Signing the letter was Mark L. Farrar, a project manager with Northrop-Grumman Information Systems. In the letter, he is listed as executive director of HURF.
The letter does not specifically mention an idea floated by Tovo and Council Member Laura Morrison last week to enact a year-long across-the-board two-to-five percent hike in bills that would allow council more time to debate the deeper issues of the rate hike. But Farrar is clear about his group’s opposition to the notion that rate-payers who live outside of Austin’s city limits should subsidize the city’s spending on items not associated with Austin Energy.
“Portions (of our bills) are appropriately attributable to AE’s operations, while other portions are not,” Farrar writes. “Regardless of the precise amount, we believe that an independent third party would agree with us that it is an excessive burden to impose on outside-city ratepayers.”
That statement appears to reflect HURF’s willingness to take the matter to the state’s Public Utility Commission, should they remain unhappy with the proposed rate increase. That course is an option left only to utility ratepayers who live outside of the political boundaries of a city, and are served by that jurisdiction’s publicly-owned utility. Ratepayers who live inside city limits can theoretically act to change the direction of their utility by voting their current Council members, who make-up the utility’s board of directors, out of office.
In addition to the threat of action from the PUC, there is also an implied threat of legislative action. Last week, Lt. Gov. David Dewhurst ordered the Senate Committee on Business and Commerce to study the relationship between city governments and municipally-owned utilities, their governance and transfer payments.

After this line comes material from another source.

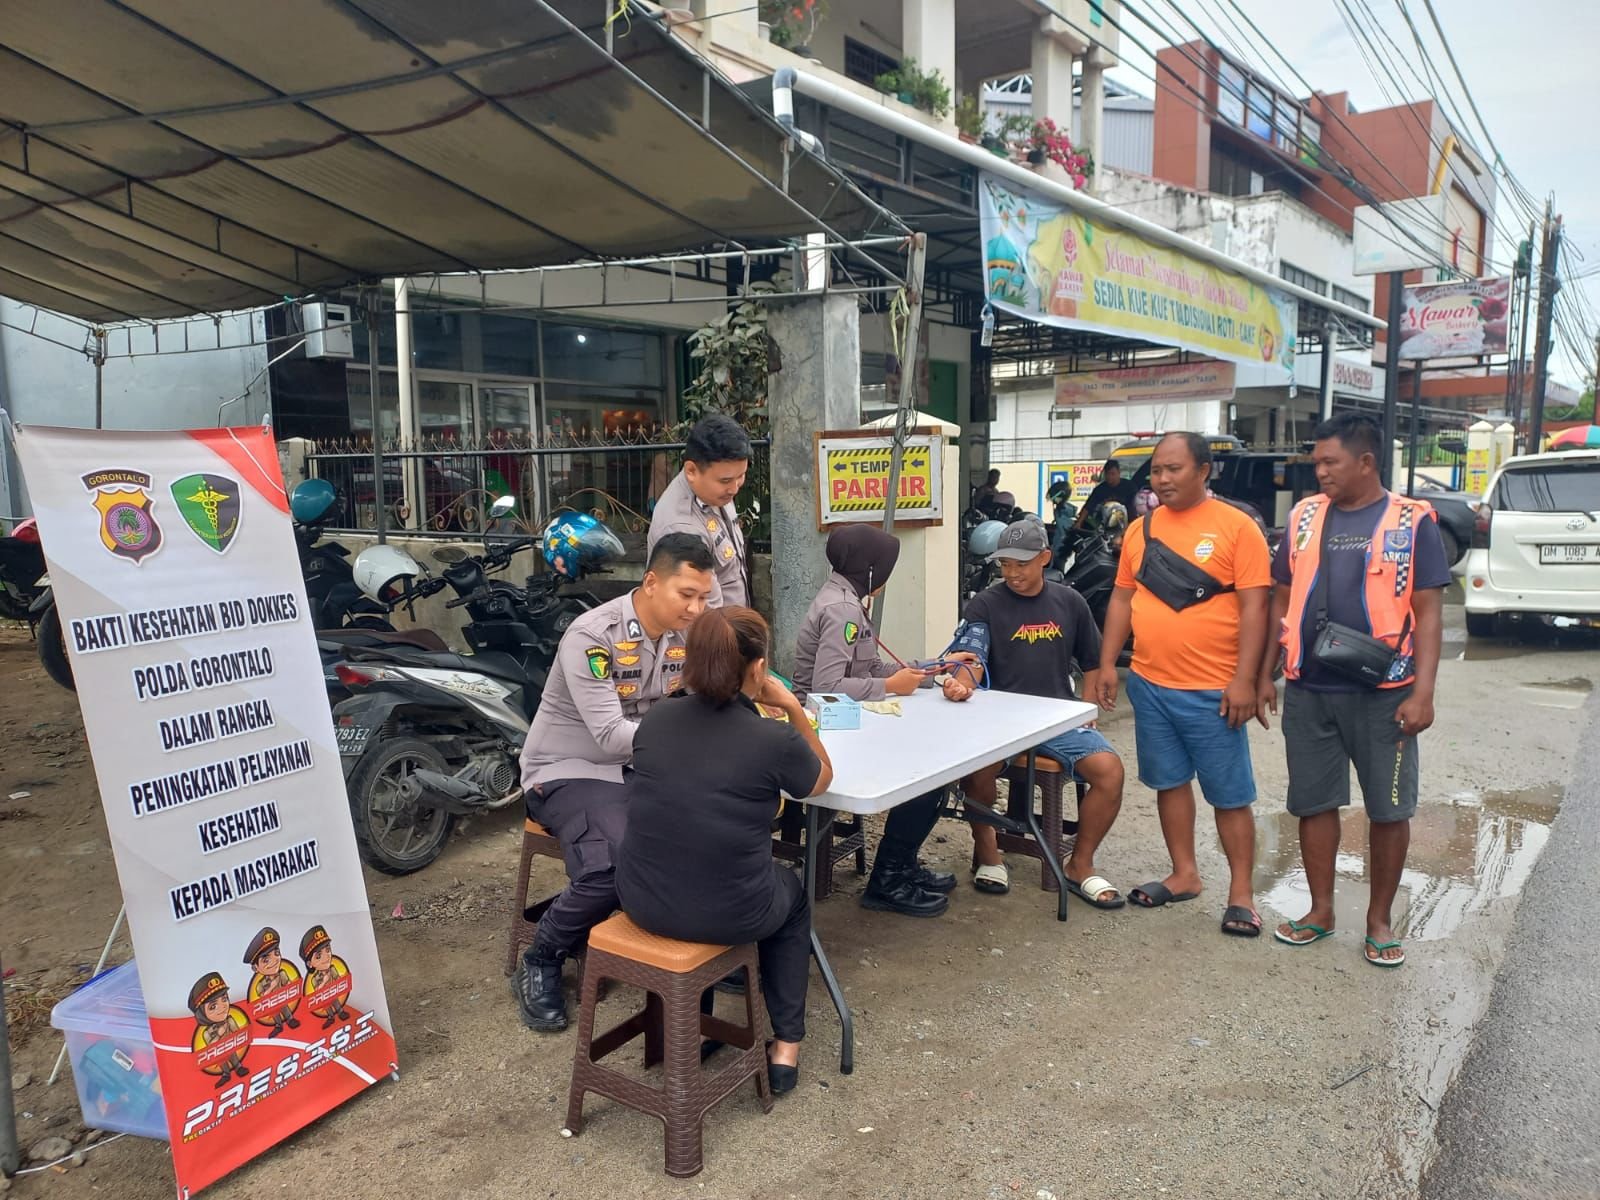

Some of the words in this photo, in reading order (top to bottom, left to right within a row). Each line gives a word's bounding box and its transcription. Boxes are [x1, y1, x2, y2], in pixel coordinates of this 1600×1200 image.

Backing Morrison and Tovo at their press conference last week were representatives of a wide coalition of consumer advocates and religious leaders concerned about the economic impact of the rate proposal. Numerous speakers at a public hearing on Thursday also lauded their plan. (See In Fact Daily, Feb. 10.) It would not extend a 6.1 percent discount that is included in the current Austin Energy plan for out-of-city ratepayers, a detail that met with support from some corners.
HURF’s letter to Tovo emphasizes the importance of the proposed discount. “To force us to subsidize the city’s tax rate and budget through our Austin Energy bills is unjust,” Farrar continues. “However, the 6.1% rate discount proposed by the AE staff is a good-faith step toward rectifying the problem.”
The Morrison/Tovo plan joins the second draft of a rate proposal from Austin Energy and a compromise long-term plan from Council Member Bill Spelman as options currently on the table for Council. Spelman’s plan also met with some support at the Thursday hearing. A decision on the matter could come after another public hearing at Council’s next meeting on March 1 or it could be postponed.
The 6.1 percent rate discount for out-of-town residents is intended to address the concerns from that segment of the opposition that they are unfairly supporting services that they don’t use – and perhaps entice them into not taking the case to the PUC. Still, even if the city were to reduce out-of-city ratepayers’ bills by 6.1 percent, nothing would prevent HURF or any other citizen group from filing an appeal with the PUC.
Should the Morrison/Tovo plan pass, and should a group file such an appeal and win, the city would have to refund a portion of the rates. That scenario could then repeat itself a year later, should the council enact a more permanent rate hike, and a citizens’ group file another appeal.